Pedro Fabro acabava de fundar um colégio em Valhadolid, e o
rei de Portugal nomeara-o Patriarca da Etiópia, apesar da sua
saúde, gasta por tantas fadigas, causar grande inquietação
aqueles que o amavam. Recebeu entretanto ordem de abandonar a
Espanha e de se dirigir a Roma, para ir em seguida ao
Concilio de Trento, aonde o Papa queria enviá-lo, com o mesmo
título e para o mesmo fim que Laynez e Salmeron. Sabendo esta
notícia, os seus amigos, consternados, convidam-no a
demorar-se algum tempo a fim de se restabelecer.

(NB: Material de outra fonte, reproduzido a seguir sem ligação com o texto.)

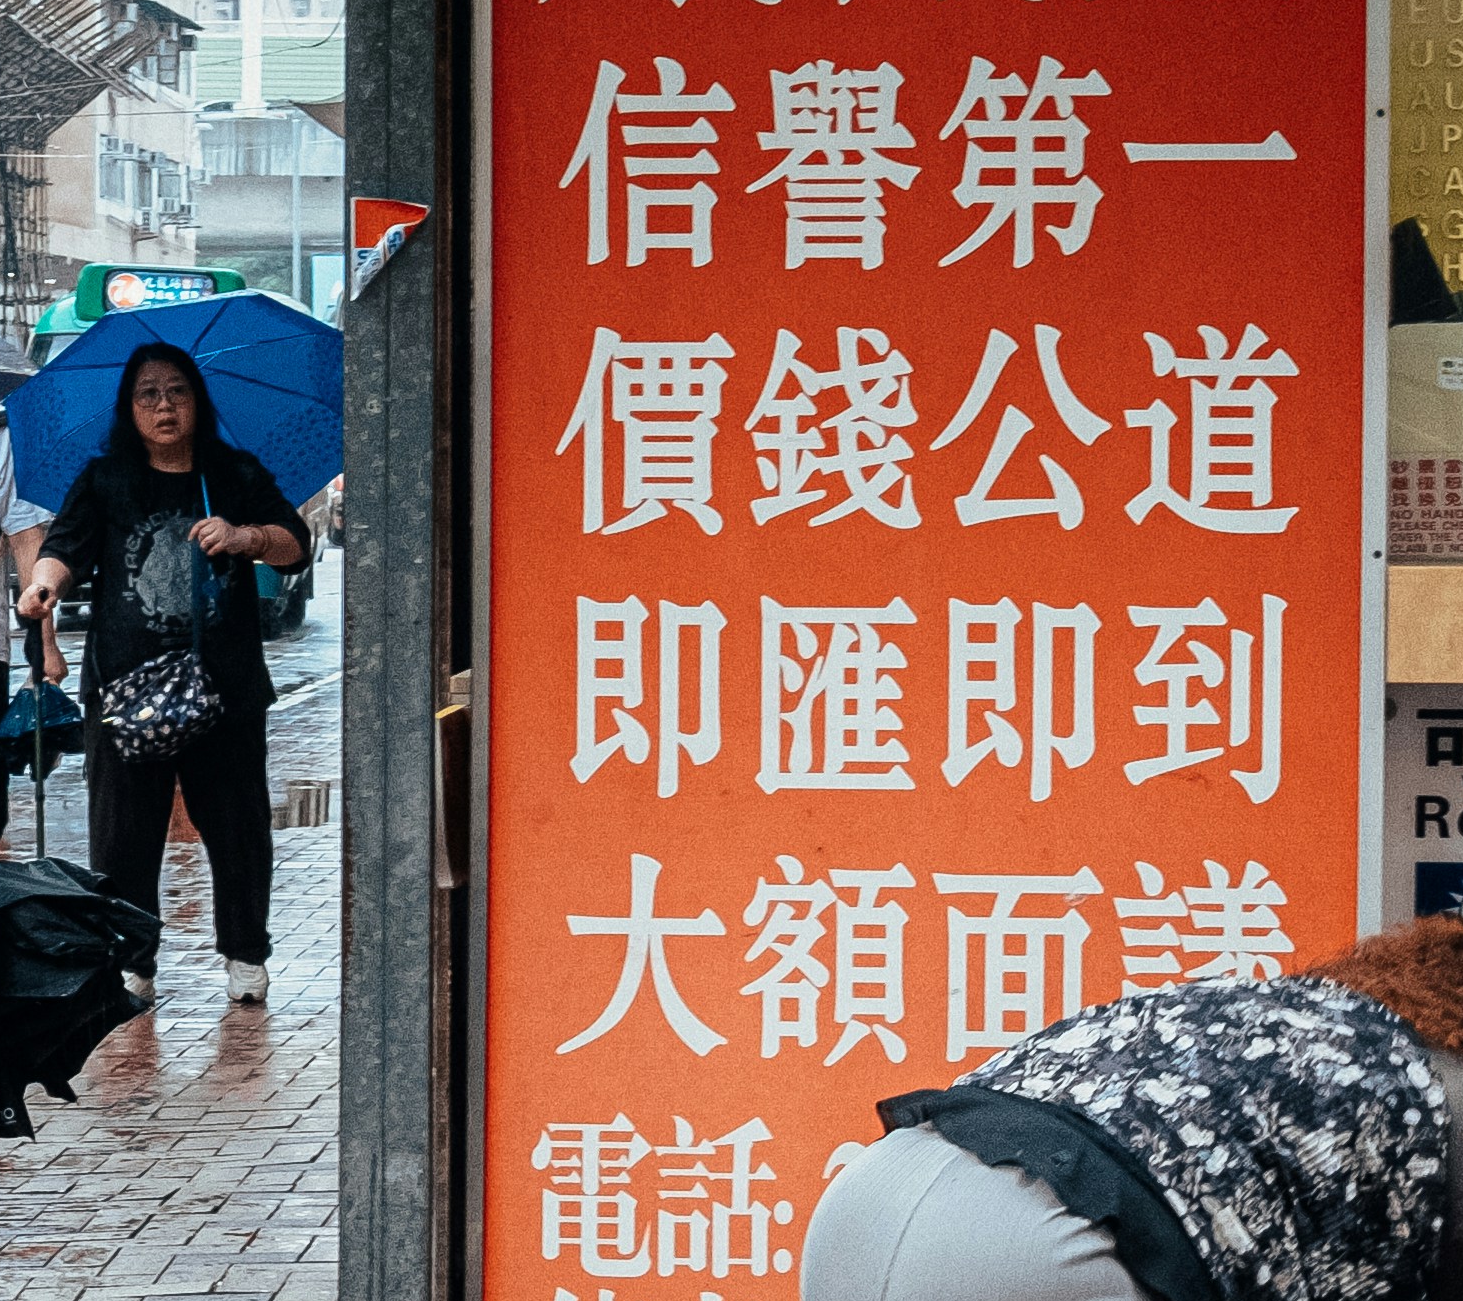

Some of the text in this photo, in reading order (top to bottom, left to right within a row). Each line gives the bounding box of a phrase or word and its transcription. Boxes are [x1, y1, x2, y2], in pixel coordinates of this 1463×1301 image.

- Empreender essa viagem, - disseram-lhe - no estado de saúde
em que se encontra, é correr à morte.
- Não é necessário viver; - respondeu o Santo - mas é
necessário obedecer.
Partiu no mês de Maio de 1546; passando em Gandia, coloca, a
primeira pedra dum colégio fundado a expensas do duque
Francisco de Bórgia. Em Barcelona, aonde chegou no mês de
junho, apesar da febre que o devorava e do calor sufocante da
atmosfera, prega e converte. Enfim, chegando a Roma, morre no
dia i de Agosto de 1546, nos braços do seu muito amado Pai
espiritual, que o cobre de bênçãos e de lágrimas; todos os
Padres choram também com grande dor:
- Foi de muita utilidade; - diziam os Padres ao Padre
Geral-fez tanto bem ! Trabalhou tanto para glória de Deus !
fez brilhar tanto a Companhia! Terá um sucessor digno?

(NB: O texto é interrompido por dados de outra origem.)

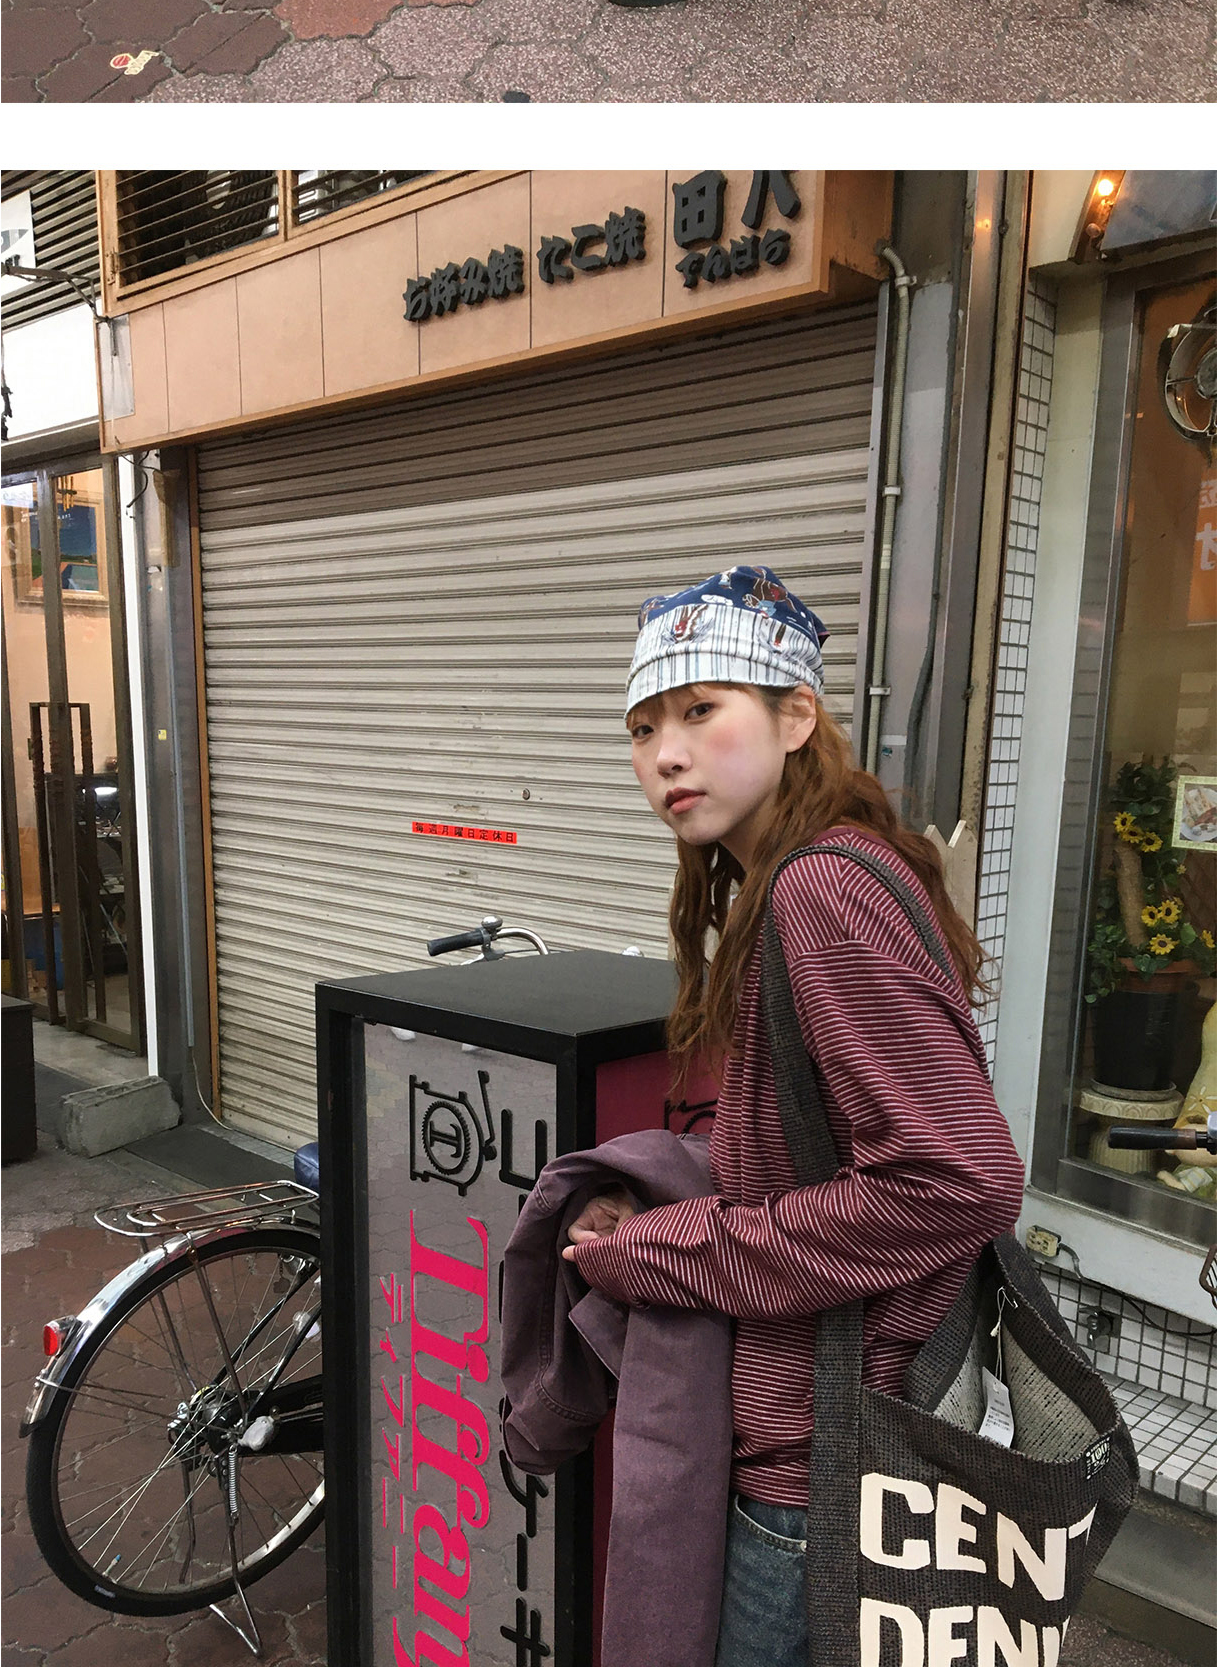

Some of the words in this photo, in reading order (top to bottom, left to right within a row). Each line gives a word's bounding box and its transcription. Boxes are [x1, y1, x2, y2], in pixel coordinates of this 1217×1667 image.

- Terá, sim, - respondeu Inácio em tom de inspirado. Não nos
aflijamos com esta grande perda, que Deus breve reparará para
a Companhia dando-lhe um personagem que contribuirá
maravilhosamente para a difundir e ilustrar pelas suas
eminentes virtudes, seu raro talento, sua grande capacidade e
seu zelo verdadeiramente apostólico.
Este personagem era o duque de Gandia, Francisco de Bórgia.

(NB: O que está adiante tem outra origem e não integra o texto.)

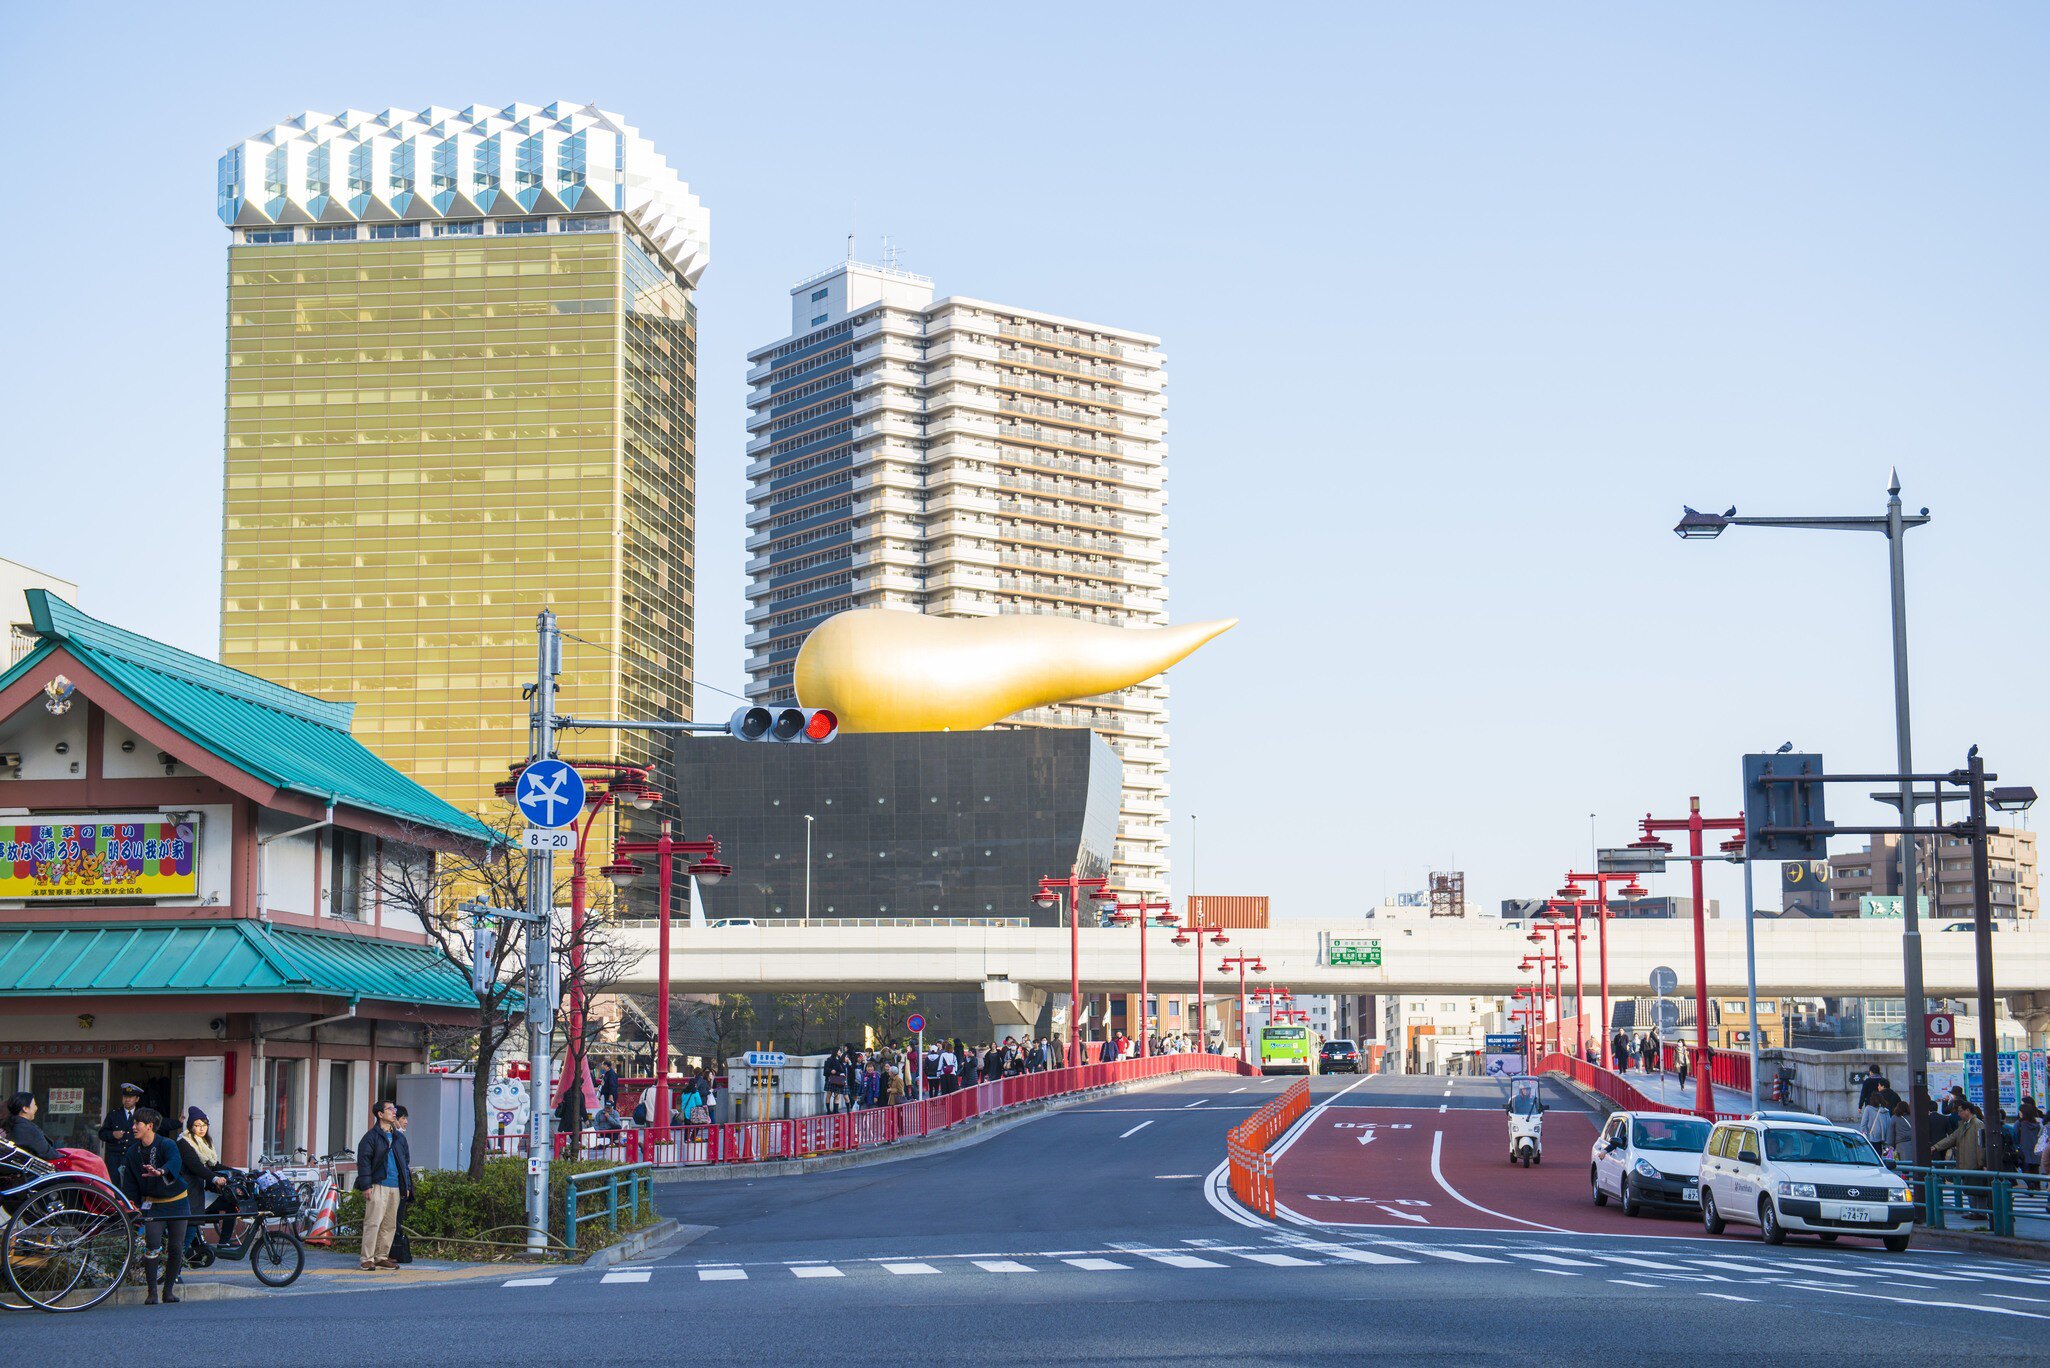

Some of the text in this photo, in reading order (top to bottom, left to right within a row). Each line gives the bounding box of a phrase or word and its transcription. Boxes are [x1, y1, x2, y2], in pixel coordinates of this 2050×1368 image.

Havia muito tempo que Deus dera a conhecer ao nosso Santo que
um fidalgo de Espanha entraria na Companhia e seria uma das
suas mais belas glórias, um dos seus maiores santos. Naquele
mesmo ano de 1546, tendo o duque de Gandia perdido sua
esposa, apressou-se a corresponder ao chamamento divino
consagrando-se à vida religiosa. O duque amava ternamente sua
esposa, D. Leonor de Castro, de quem tinha oito filhos; mas
sentia-se impelido a uma vida mais perfeita e havia prometido
a Deus abandonar tudo para seguir a sua voz, se a duquesa
falecesse antes dele. Deus chamou a si D. Leonor no dia 27 de
Maio de 15 46, e, alguns meses depois o duque de Gandia
escrevia a Inácio de Loiola a pedir-lhe que o recebesse no
número dos seus noviços.
D. João da Vega, que vimos embaixador de Carlos V em Roma,
fora nomeado vice-rei da Sicília, e, apenas estabelecido no
seu governo, sentiu necessidade de. chamar os jesuítas para
reformar os costumes, fazer reviver a fé, educar a juventude
e fazer descer as bênçãos do céu sobre a Sicília. Depois de
ter tomado as suas medidas, escreveu ao santo fundador da
Companhia de Jesus, expôs-lhe as necessidades espirituais do
país que lhe foi confiado, disse-lhe que o material de dois
colégios estava pronto e só esperava os Padres, e
suplicou-lhe que lhos enviasse para a cidade de Messina e
para a de Palermo, já preparadas para os receber.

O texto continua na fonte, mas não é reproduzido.